> What you are asked to do:
Everything from the line containing "this 1344×1512 image." to the last line of the entries must be reproduced exactly, and nothing outside that range.

> Provided information:

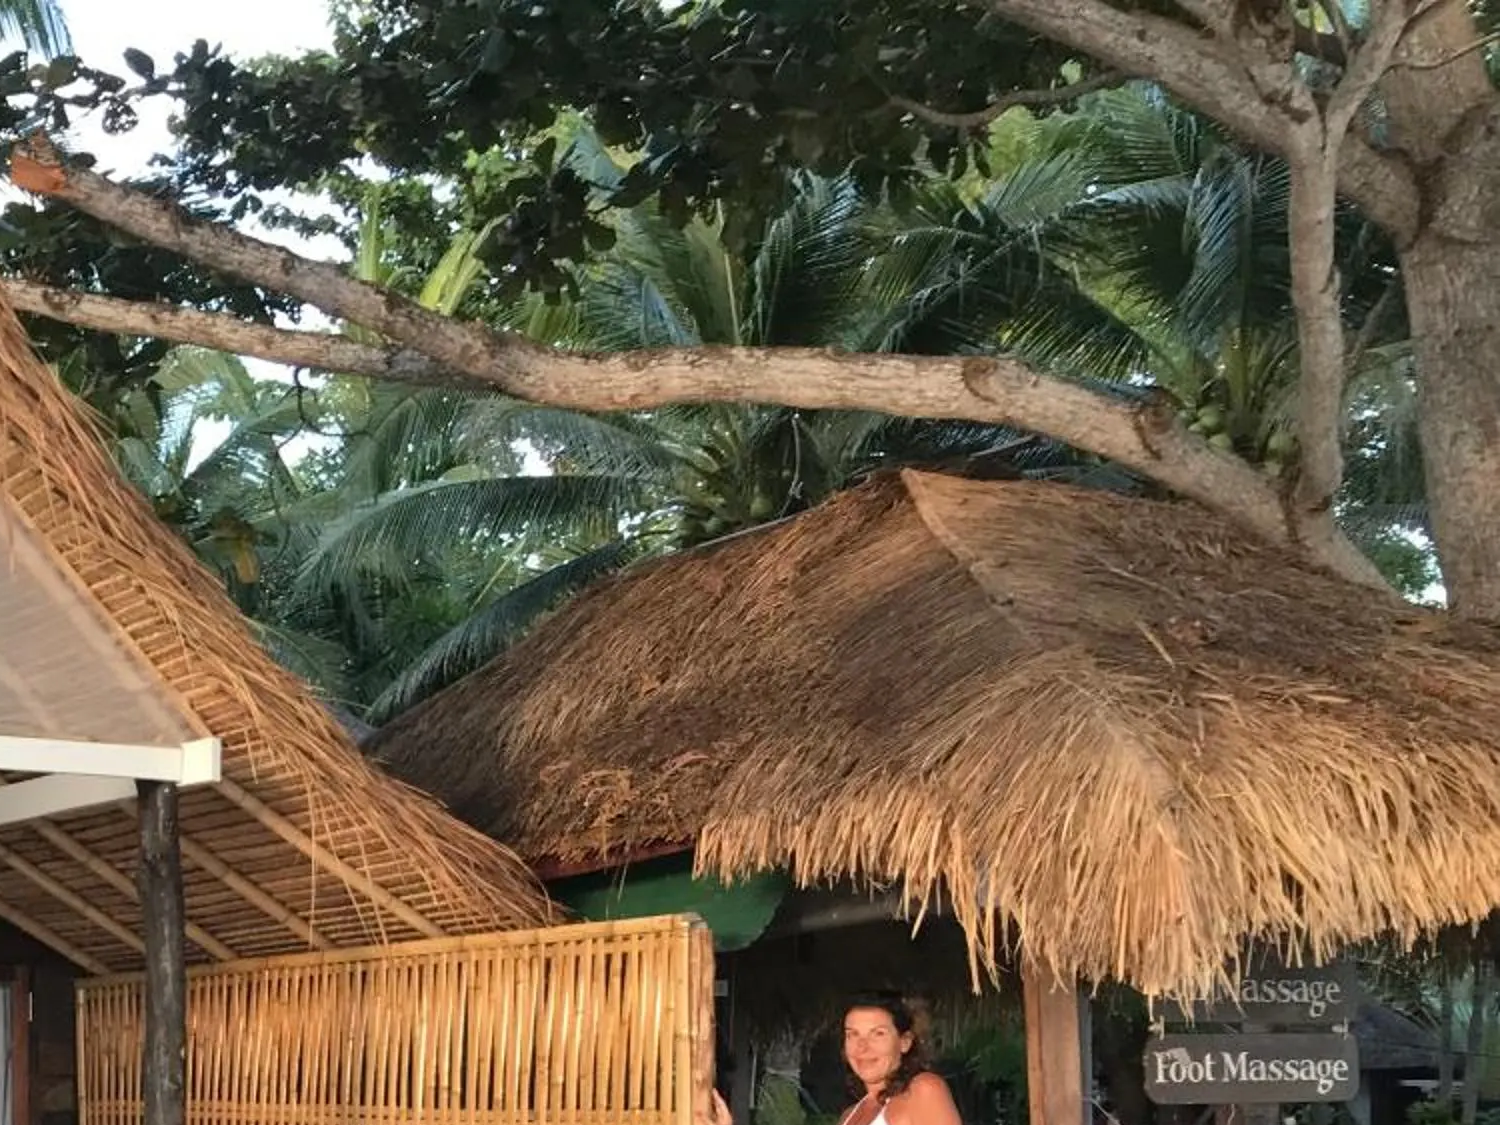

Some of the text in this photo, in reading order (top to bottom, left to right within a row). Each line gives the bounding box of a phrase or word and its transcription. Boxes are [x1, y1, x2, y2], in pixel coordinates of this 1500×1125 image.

[1215, 976, 1341, 1018] assage
[1154, 1051, 1349, 1095] Foot Massage
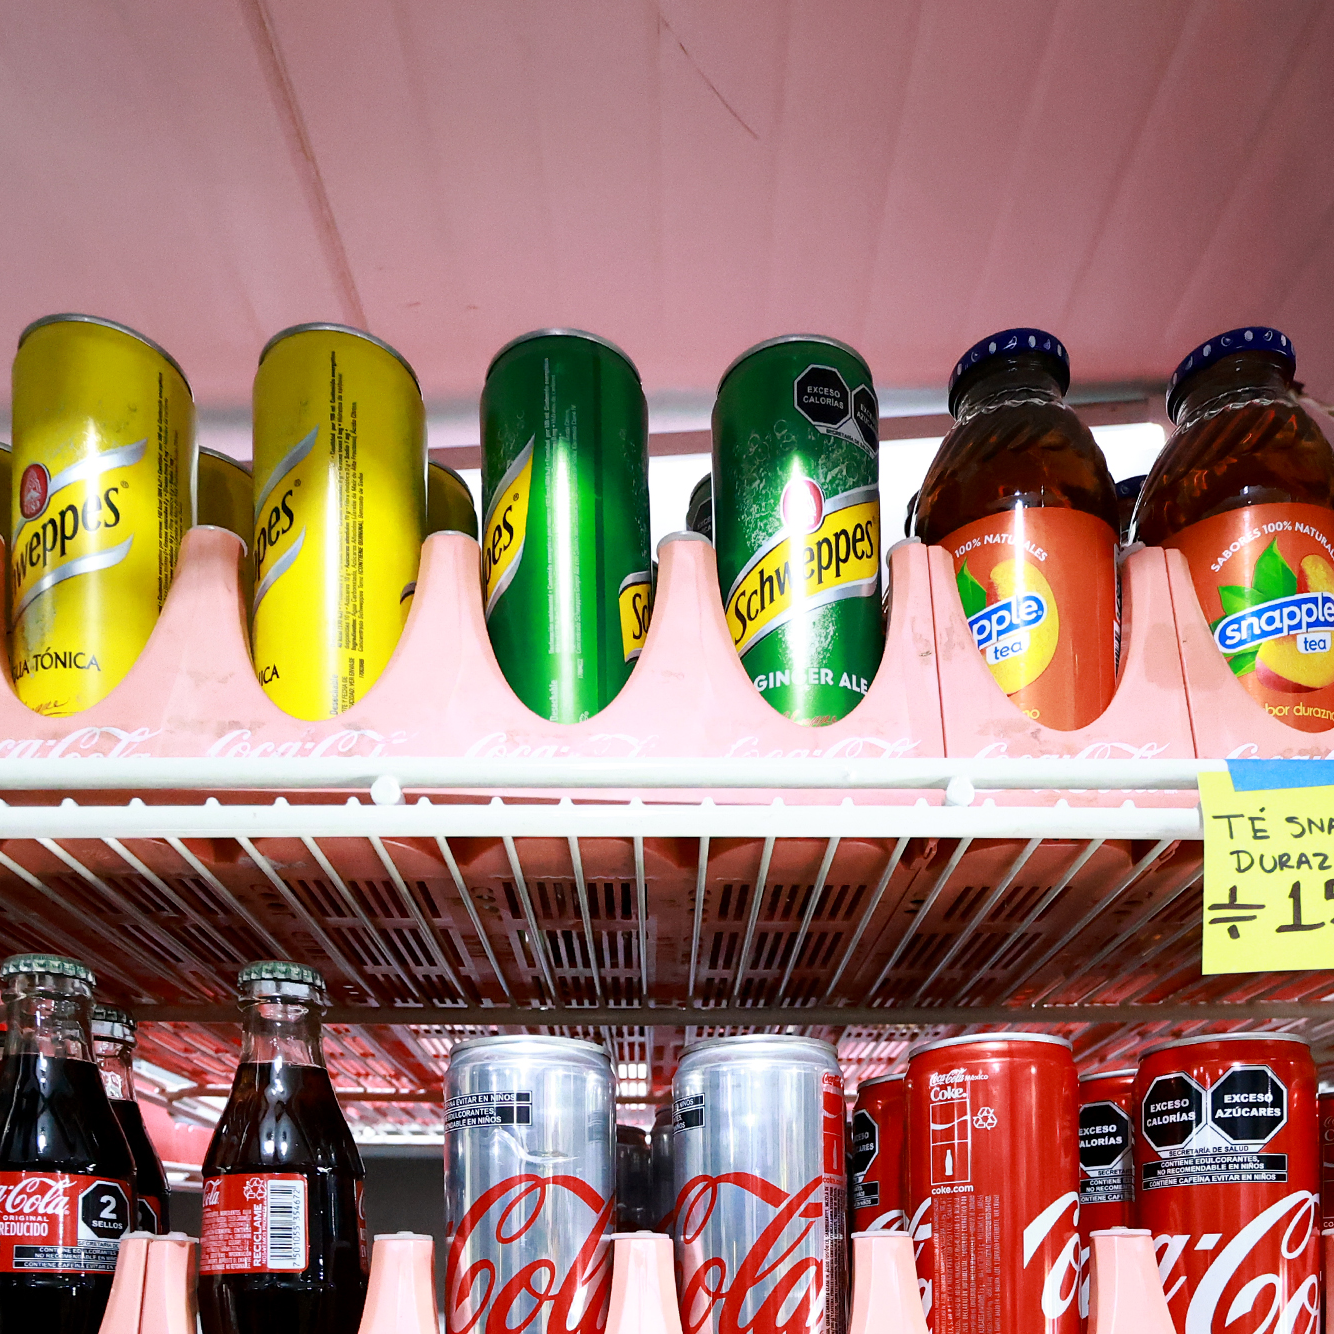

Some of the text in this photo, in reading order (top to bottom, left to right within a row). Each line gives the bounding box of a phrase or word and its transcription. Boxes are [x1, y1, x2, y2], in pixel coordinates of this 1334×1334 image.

[807, 386, 841, 398] EXCESO
[802, 395, 844, 410] CALORÍAS
[954, 533, 1048, 563] 100% NATUALES
[1211, 528, 1262, 573] SABORES
[1262, 520, 1293, 536] 100%
[733, 518, 875, 646] Schweppes
[972, 594, 1040, 647] pple
[993, 638, 1023, 660] tea
[1303, 636, 1327, 653] tea
[33, 646, 101, 671] TÓNICA
[754, 667, 869, 695] GINGER ALE
[549, 680, 558, 721] Desechable
[1212, 807, 1270, 840] TÉ
[929, 1067, 968, 1087] Coca-Cola
[478, 1095, 490, 1104] EN
[490, 1092, 516, 1103] NIÑOS
[930, 1086, 968, 1102] Coke.
[1224, 1093, 1274, 1104] EXCESO
[1150, 1099, 1190, 1113] EXCESO
[1215, 1106, 1282, 1119] AZÚCARES
[467, 1115, 502, 1126] EN NIÑOS
[1146, 1111, 1196, 1127] CALORÍAS
[1079, 1124, 1117, 1136] EXCESO
[1079, 1135, 1123, 1149] ALORÍAS
[1168, 1146, 1211, 1157] SECRETARÍA
[1224, 1145, 1249, 1153] SALUD
[1156, 1168, 1167, 1176] NO
[1166, 1164, 1227, 1175] RECOMENDABLE
[1238, 1161, 1265, 1170] NIÑOS
[1160, 1155, 1260, 1168] CONTIENE EDULCORANTES,
[1149, 1178, 1178, 1188] CONTIENE
[1178, 1175, 1211, 1184] CAFEÍNA
[1211, 1174, 1240, 1182] EVITAR
[1254, 1171, 1277, 1181] NIÑOS
[931, 1184, 975, 1195] coke.com
[99, 1195, 117, 1220] 2
[293, 1189, 301, 1221] 354672
[91, 1220, 123, 1230] SELLOS
[253, 1203, 262, 1267] RECICLAME
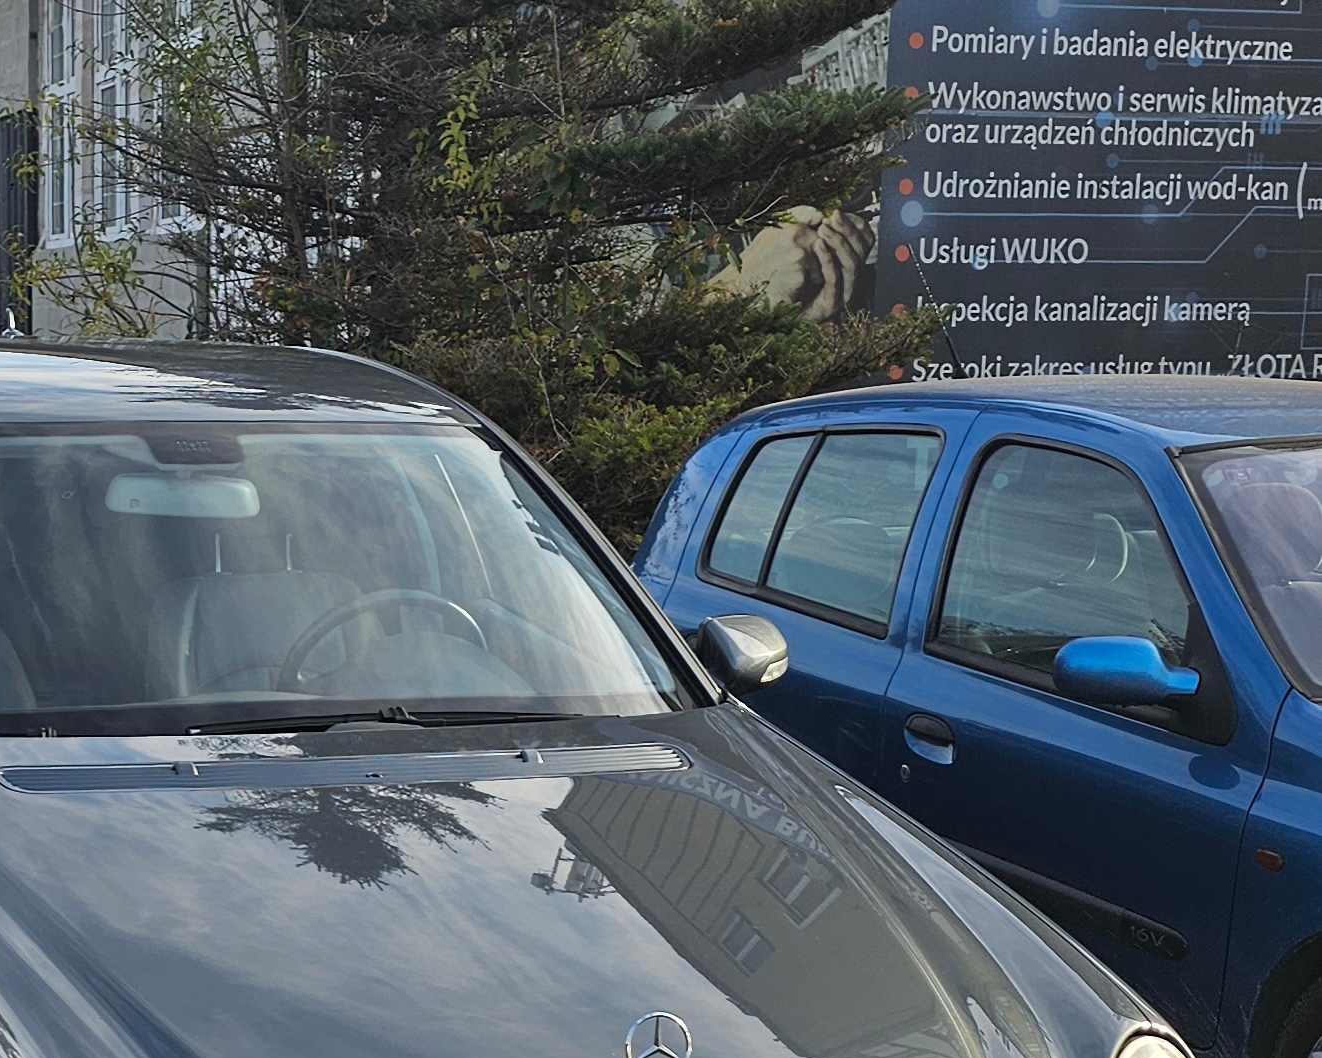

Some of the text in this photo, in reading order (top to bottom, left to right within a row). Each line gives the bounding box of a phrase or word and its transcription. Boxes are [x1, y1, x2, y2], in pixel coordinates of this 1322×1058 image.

[931, 25, 1293, 65] Pomiary i badania elektryczne
[928, 82, 1112, 114] Wykonawstwo
[1117, 85, 1125, 112] i
[1129, 87, 1205, 114] serwis
[925, 117, 1255, 152] oraz urządzeń chłodniczych
[923, 171, 1071, 198] Udrożnianie
[1076, 172, 1182, 206] instalacji
[1187, 173, 1289, 201] wod-kan
[919, 237, 1089, 271] Usługi WUKO
[916, 295, 1251, 328] Ipekcja kanalizacji kamerą
[911, 354, 1003, 382] Szeoki
[1007, 354, 1084, 376] zakres
[1130, 925, 1165, 947] 16V
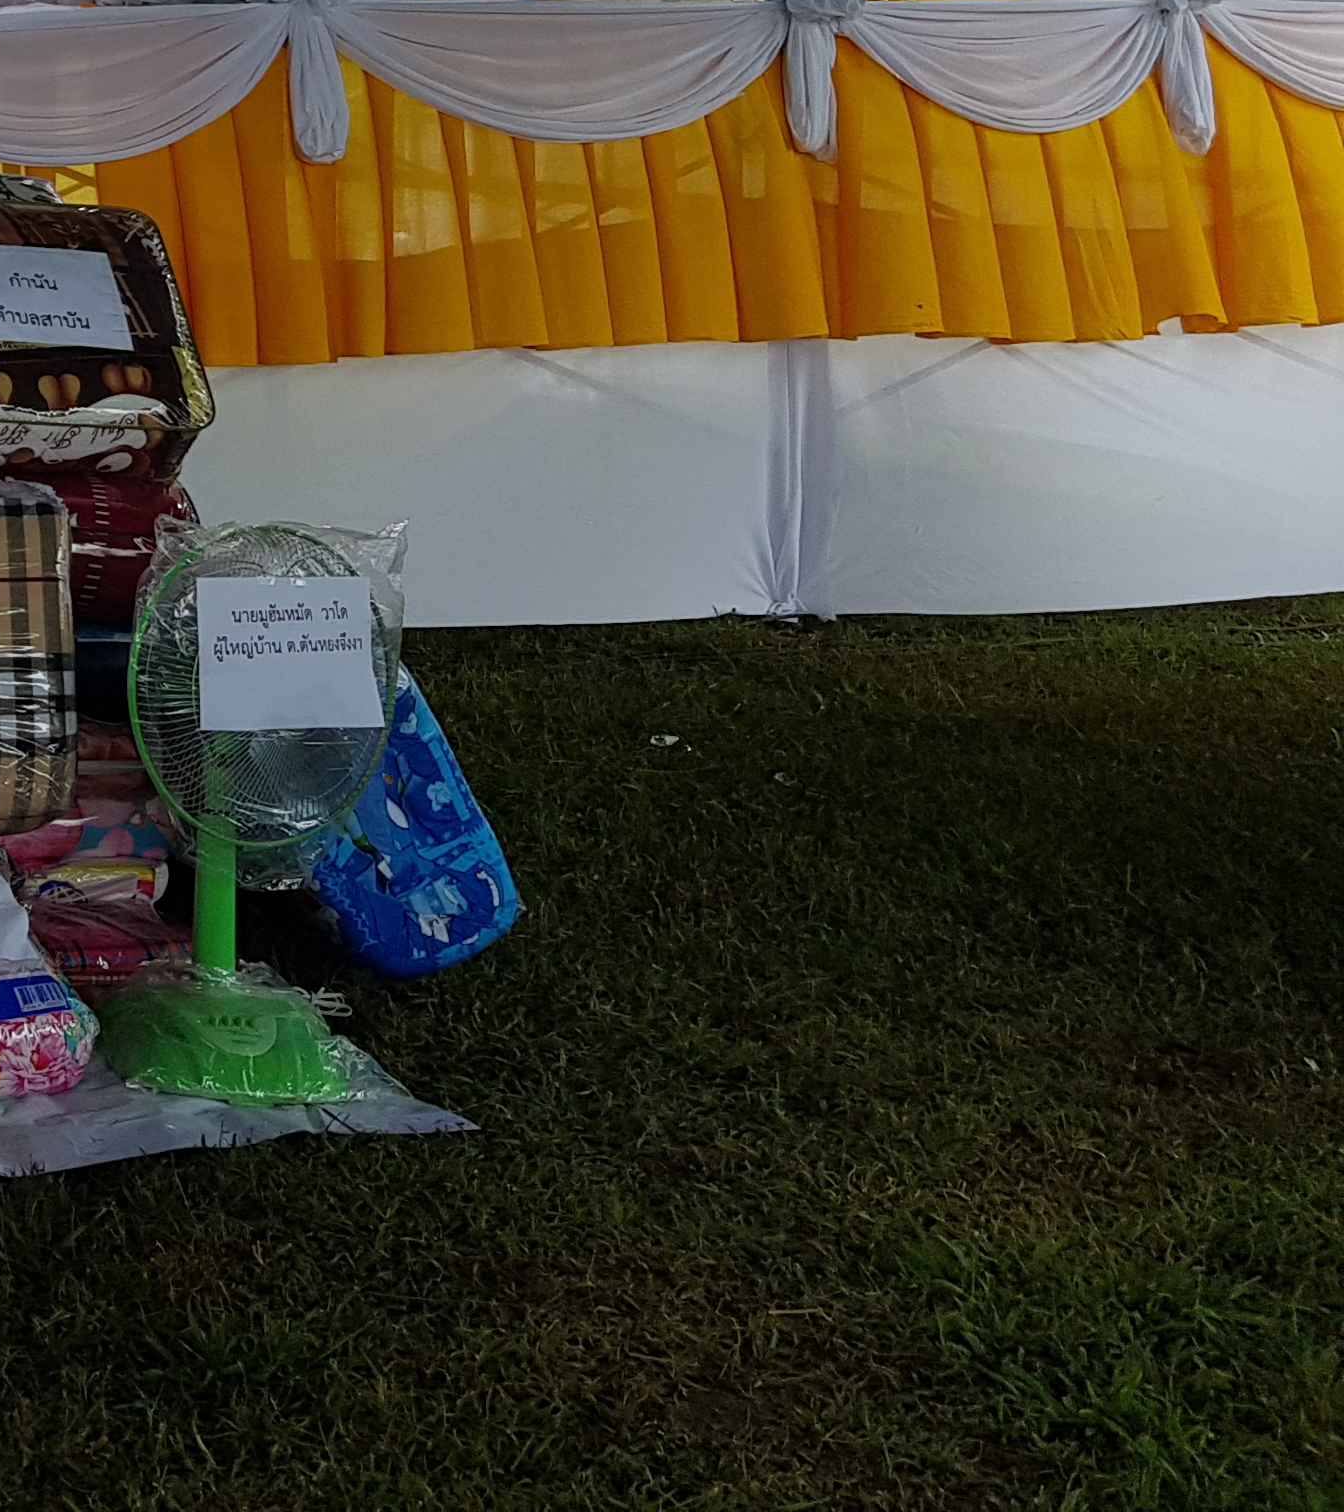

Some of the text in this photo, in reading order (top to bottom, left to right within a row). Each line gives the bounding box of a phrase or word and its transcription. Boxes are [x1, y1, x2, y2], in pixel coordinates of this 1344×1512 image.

[8, 272, 59, 291] กำนัน
[231, 602, 313, 629] นายมูฮัมหมัด
[213, 635, 282, 663] ผู้ใหญ่บ้าน

> The completed task:
Some of the text in this photo, in reading order (top to bottom, left to right within a row). Each line gives the bounding box of a phrase or word and its transcription. Boxes are [x1, y1, x2, y2], in pixel coordinates of this 1344×1512 image.

[8, 272, 59, 291] กำนัน
[231, 602, 313, 629] นายมูฮัมหมัด
[213, 635, 282, 663] ผู้ใหญ่บ้าน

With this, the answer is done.